Extracted information:
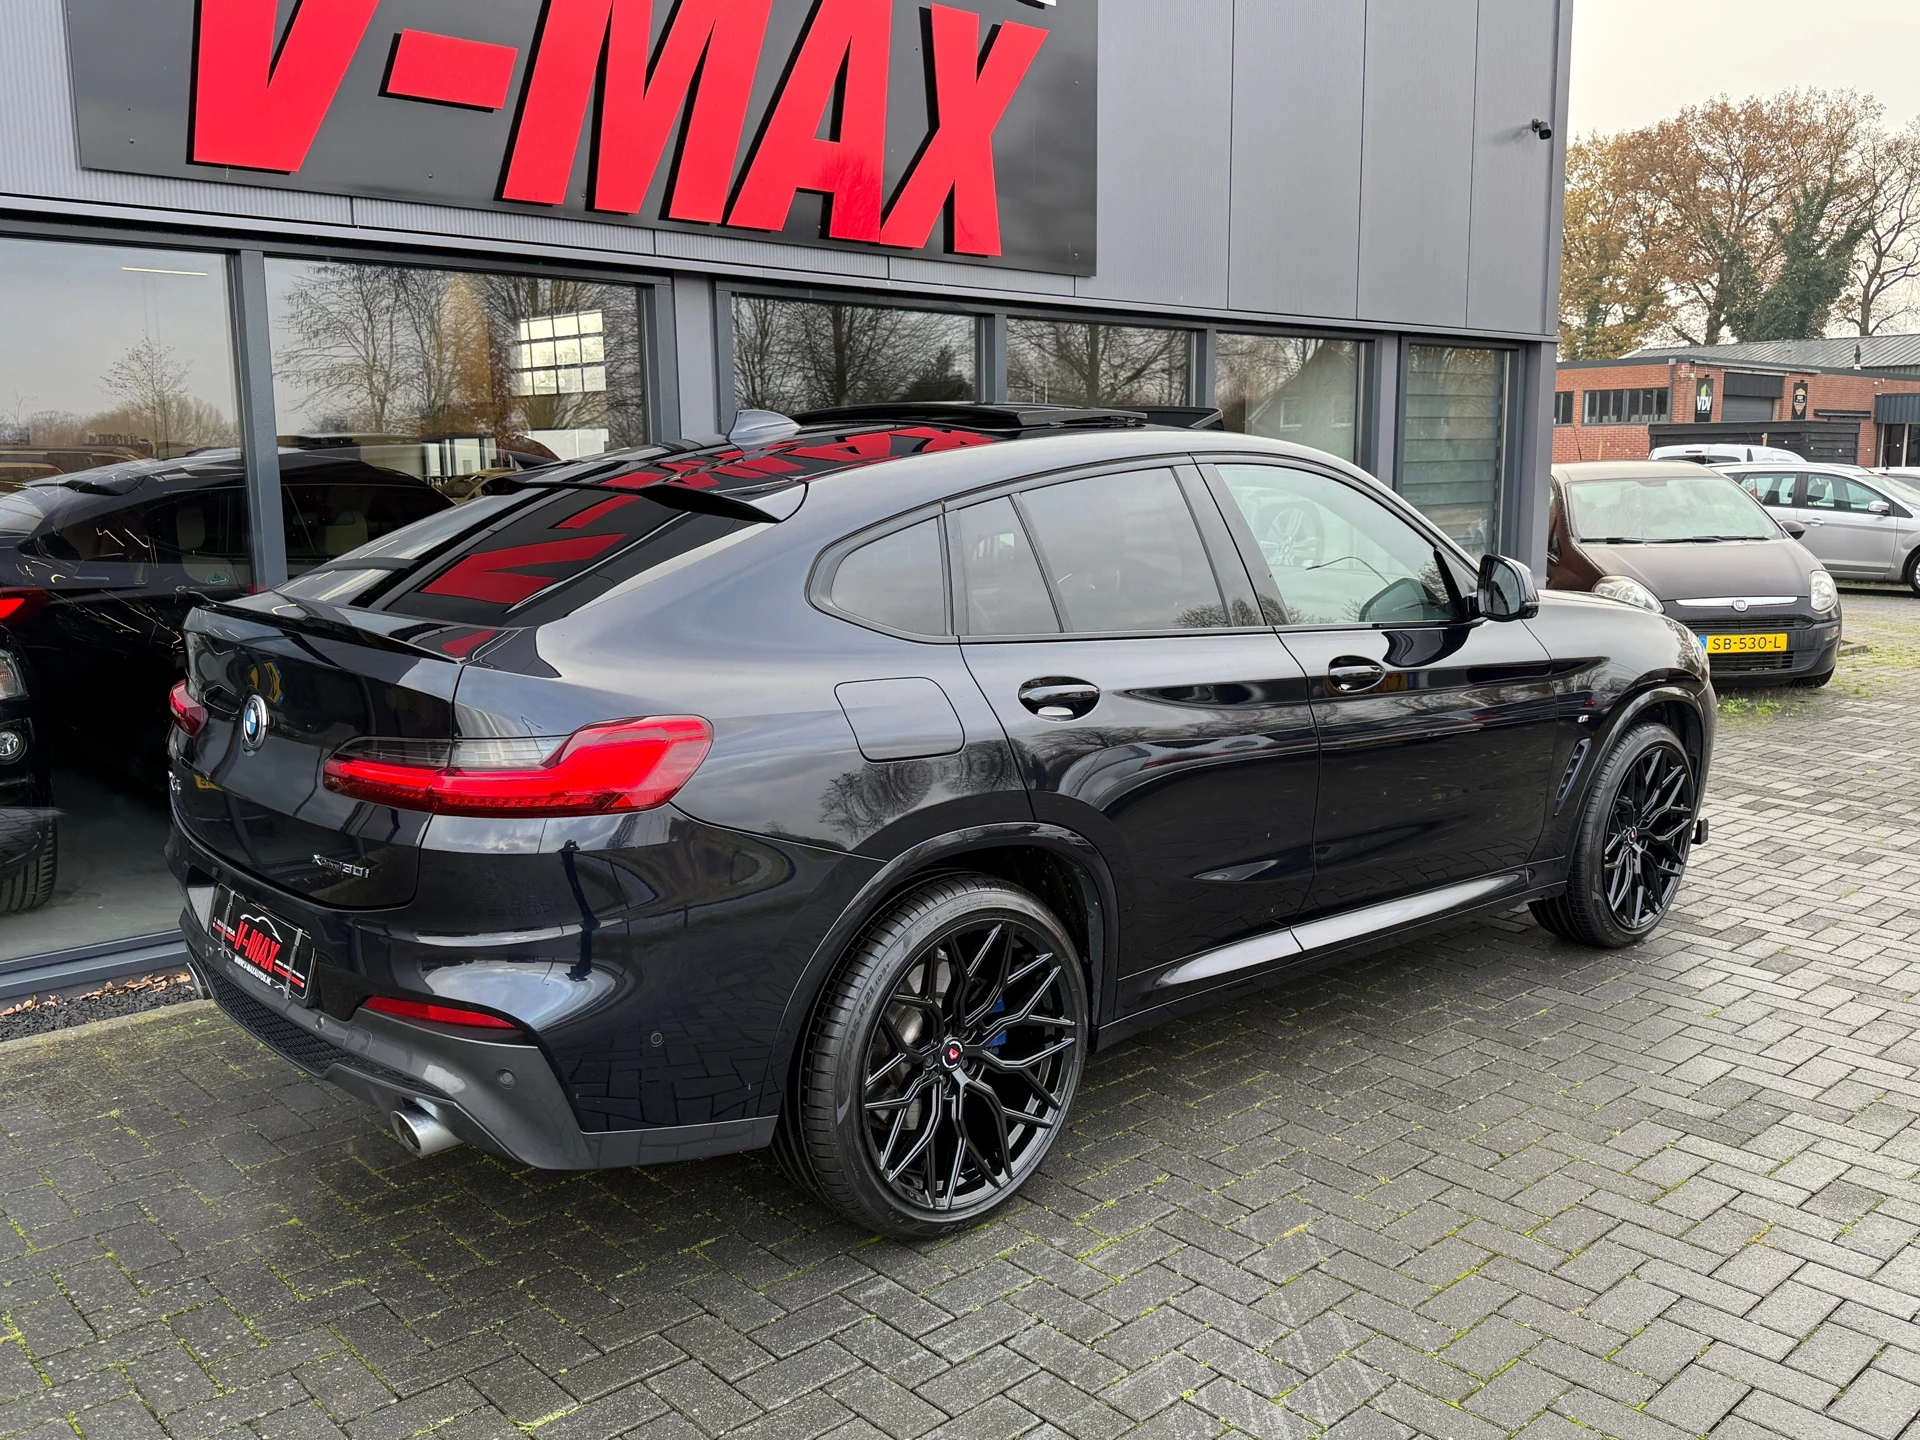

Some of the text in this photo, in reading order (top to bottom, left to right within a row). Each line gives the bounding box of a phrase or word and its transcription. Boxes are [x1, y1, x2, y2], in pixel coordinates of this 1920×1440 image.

[192, 0, 1049, 257] V-MAX
[1696, 396, 1712, 411] VDV
[1712, 636, 1782, 650] SB-530-L
[234, 920, 281, 973] V-MAX
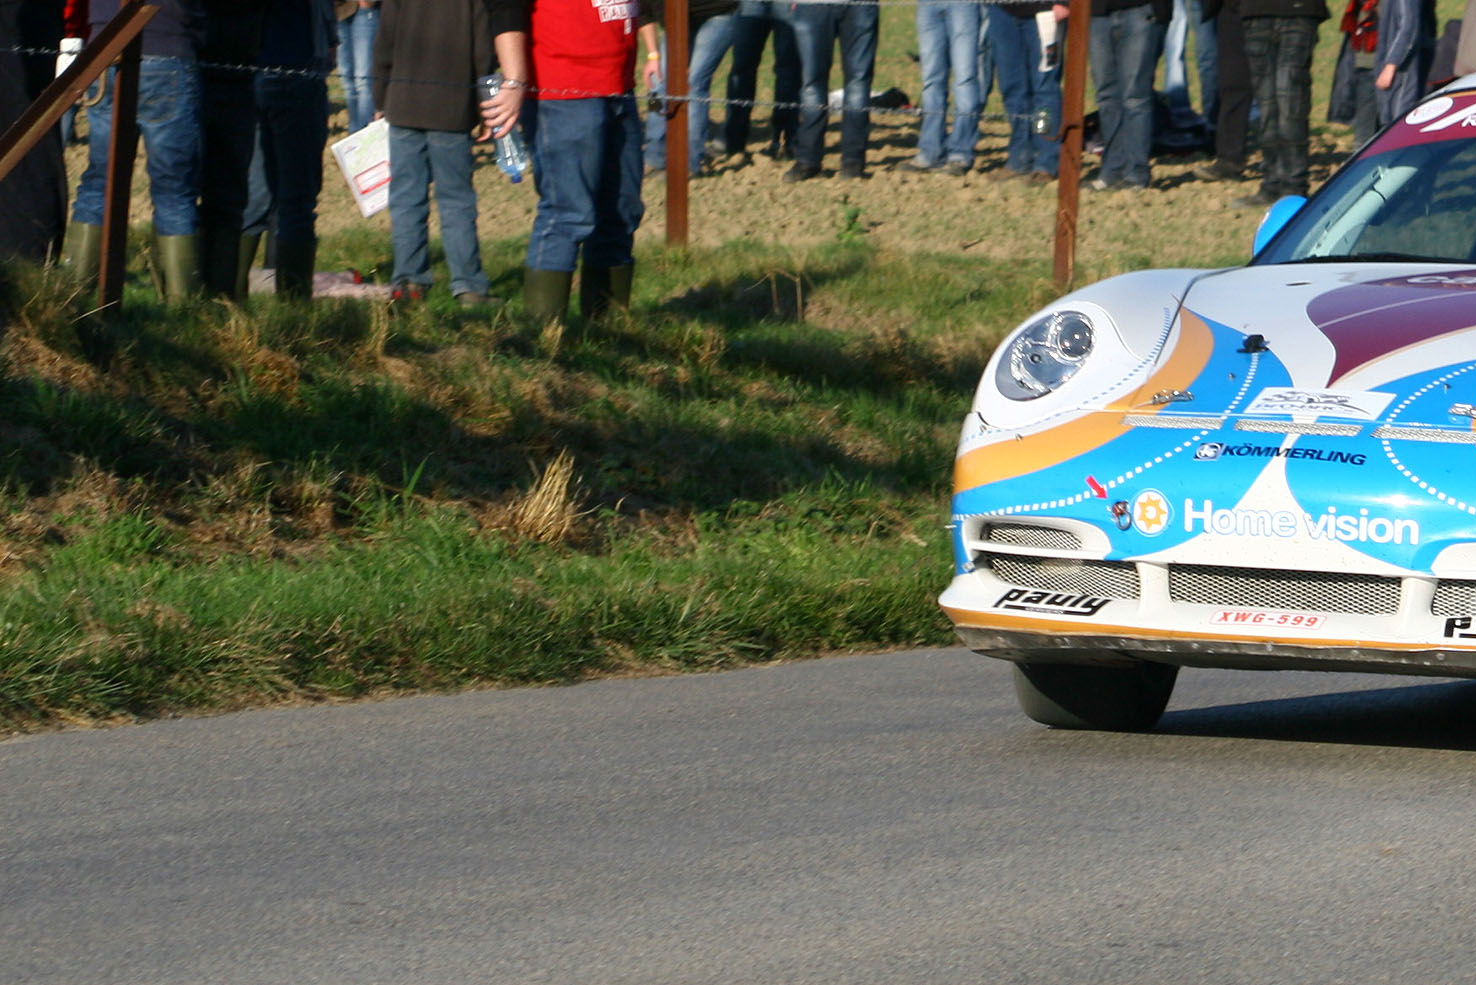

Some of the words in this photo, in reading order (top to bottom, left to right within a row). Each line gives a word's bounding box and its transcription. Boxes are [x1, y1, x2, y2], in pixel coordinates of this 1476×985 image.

[1222, 443, 1367, 466] KÖMMERLING
[1184, 498, 1297, 537] Home
[1303, 506, 1419, 545] vision
[993, 587, 1112, 616] pauly
[1217, 610, 1319, 628] XWG-599

Task instructions:
Your copy should match the records above word for word, but without images.

Written answer:
Some of the text in this photo, in reading order (top to bottom, left to right within a row). Each line gives the bounding box of a phrase or word and its transcription. Boxes are [x1, y1, x2, y2], in pixel coordinates of this 1920×1440 image.

[192, 0, 1049, 257] V-MAX
[1696, 396, 1712, 411] VDV
[1712, 636, 1782, 650] SB-530-L
[234, 920, 281, 973] V-MAX

Some of the words in this photo, in reading order (top to bottom, left to right within a row). Each line gives a word's bounding box and its transcription. Boxes are [x1, y1, x2, y2], in pixel coordinates of this 1476×985 image.

[1222, 443, 1367, 466] KÖMMERLING
[1184, 498, 1297, 537] Home
[1303, 506, 1419, 545] vision
[993, 587, 1112, 616] pauly
[1217, 610, 1319, 628] XWG-599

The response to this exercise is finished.